> [ABOUT THIS EXERCISE]: Carry over every entry exactly as written, though not the pictures it contains.

*** Block opens ***

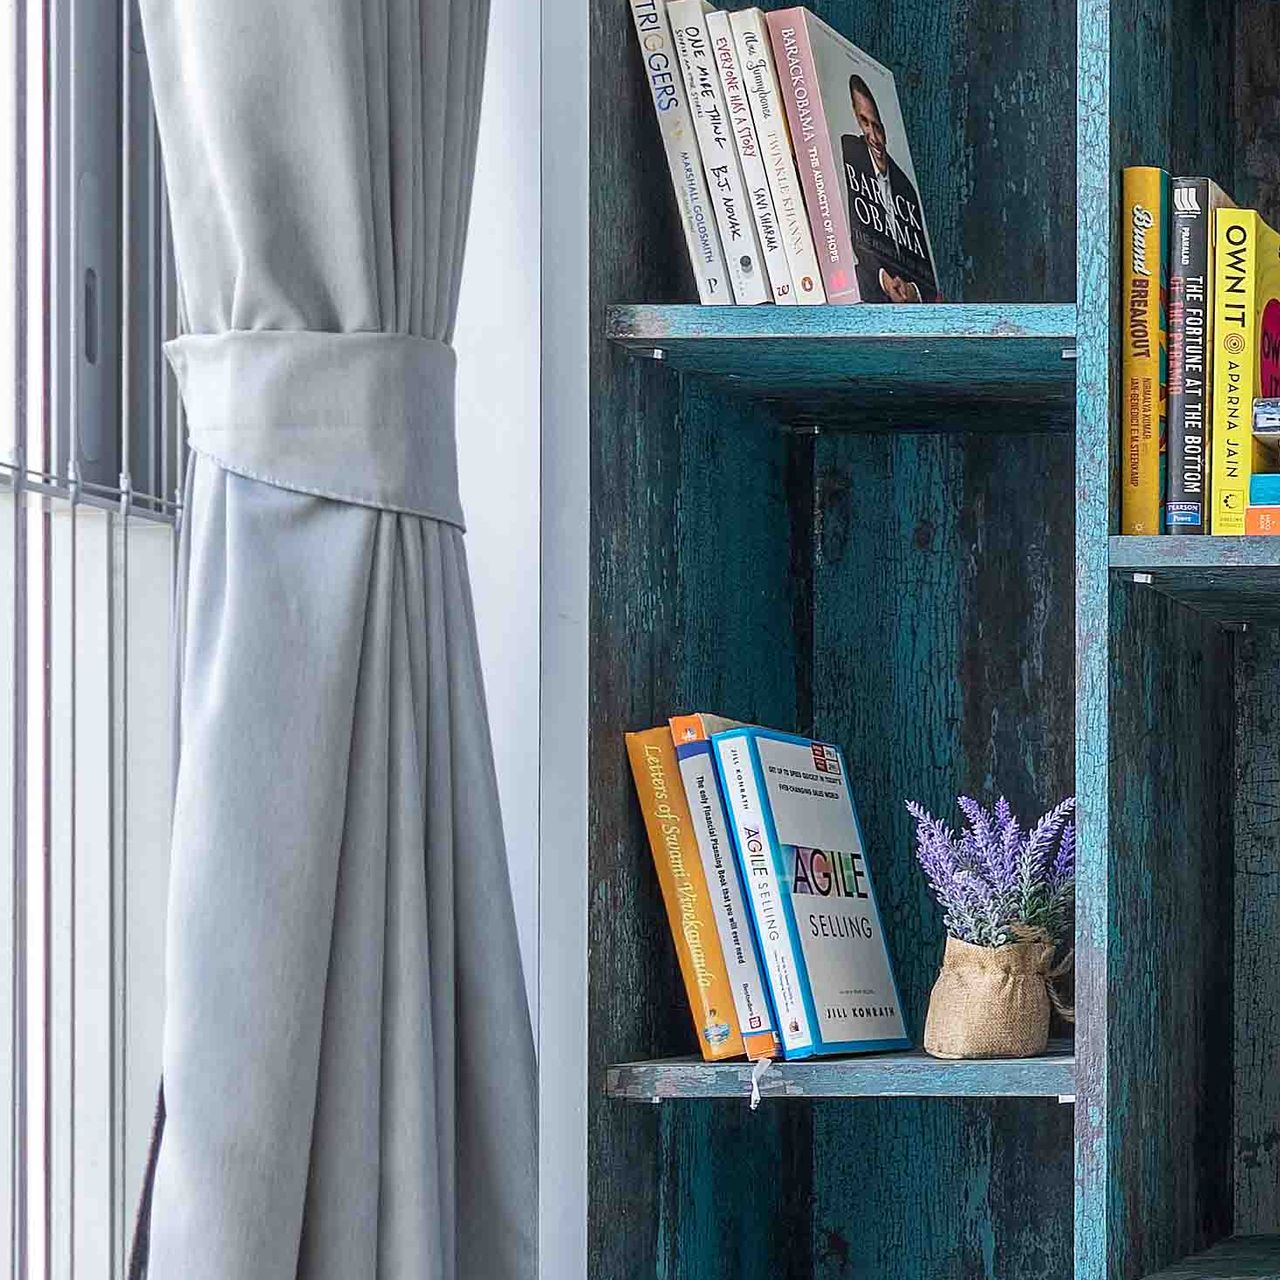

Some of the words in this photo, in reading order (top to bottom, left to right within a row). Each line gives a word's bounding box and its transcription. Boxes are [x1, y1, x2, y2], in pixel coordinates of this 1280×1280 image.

[781, 28, 804, 87] BARACK
[685, 26, 705, 59] ONE
[706, 104, 726, 150] THING
[716, 37, 739, 94] EVERYONE
[737, 126, 756, 158] STORY
[794, 87, 815, 142] OBAMA
[807, 147, 820, 168] THE
[680, 152, 699, 204] MARSHALL
[694, 205, 713, 262] GOLDSMITH
[723, 197, 741, 241] NOVAK
[753, 187, 769, 210] SAVI
[812, 170, 831, 218] AUDACITY
[760, 212, 778, 252] SHARMA
[827, 235, 839, 262] HOPE
[1226, 225, 1246, 292] OWN
[1186, 276, 1203, 304] THE
[1225, 303, 1246, 328] IT
[1131, 279, 1150, 358] BREAKOUT
[1185, 308, 1202, 374] FORTUNE
[1185, 379, 1201, 397] AT
[1227, 361, 1239, 430] APARNA
[1185, 402, 1201, 431] THE
[1184, 436, 1201, 493] BOTTOM
[1226, 438, 1239, 478] JAIN
[663, 821, 691, 878] Swami
[793, 847, 869, 899] AGILE
[744, 827, 768, 877] AGILE
[757, 882, 779, 941] SELLING
[809, 915, 873, 939] SELLING
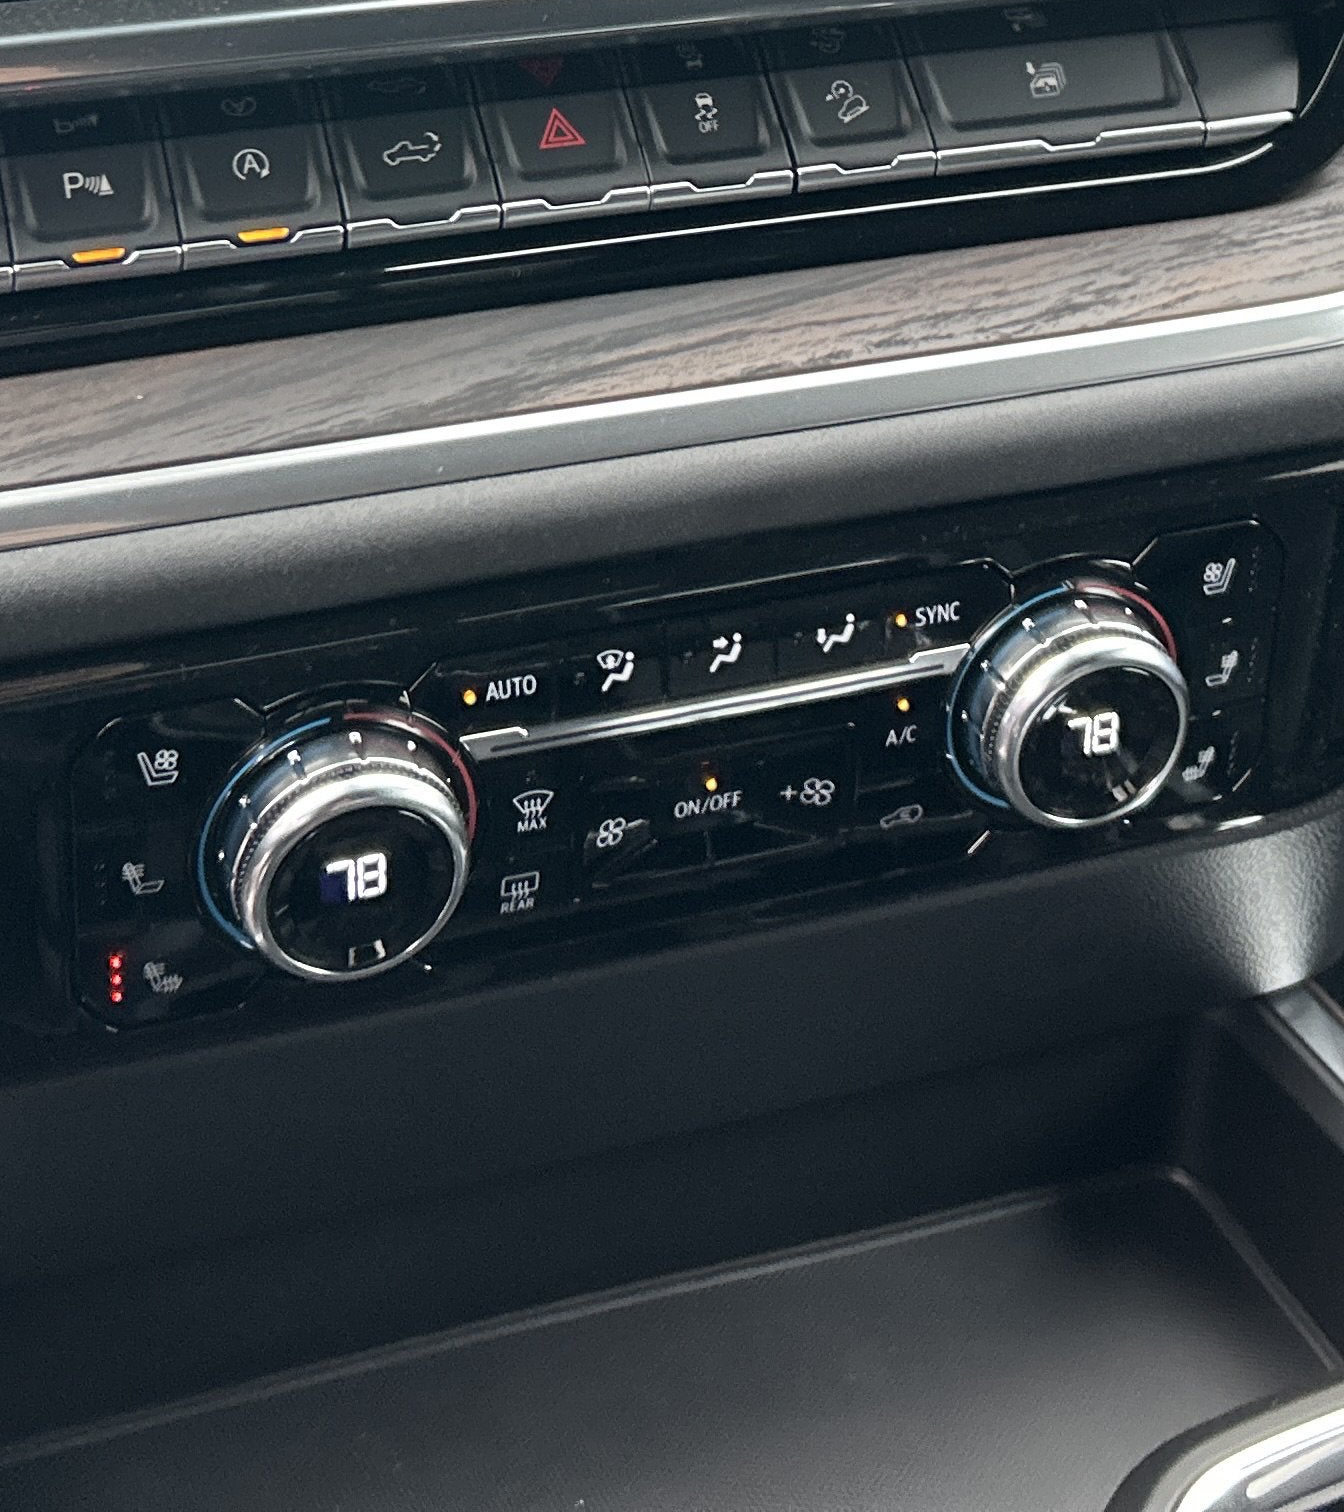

*** Block closes ***

> [ANSWER BOX]:
Some of the words in this photo, in reading order (top to bottom, left to right within a row). Each line gives a word's bounding box and its transcription. Boxes are [x1, y1, x2, y2], in pixel coordinates of this 1280×1280 image.

[781, 28, 804, 87] BARACK
[685, 26, 705, 59] ONE
[706, 104, 726, 150] THING
[716, 37, 739, 94] EVERYONE
[737, 126, 756, 158] STORY
[794, 87, 815, 142] OBAMA
[807, 147, 820, 168] THE
[680, 152, 699, 204] MARSHALL
[694, 205, 713, 262] GOLDSMITH
[723, 197, 741, 241] NOVAK
[753, 187, 769, 210] SAVI
[812, 170, 831, 218] AUDACITY
[760, 212, 778, 252] SHARMA
[827, 235, 839, 262] HOPE
[1226, 225, 1246, 292] OWN
[1186, 276, 1203, 304] THE
[1225, 303, 1246, 328] IT
[1131, 279, 1150, 358] BREAKOUT
[1185, 308, 1202, 374] FORTUNE
[1185, 379, 1201, 397] AT
[1227, 361, 1239, 430] APARNA
[1185, 402, 1201, 431] THE
[1184, 436, 1201, 493] BOTTOM
[1226, 438, 1239, 478] JAIN
[663, 821, 691, 878] Swami
[793, 847, 869, 899] AGILE
[744, 827, 768, 877] AGILE
[757, 882, 779, 941] SELLING
[809, 915, 873, 939] SELLING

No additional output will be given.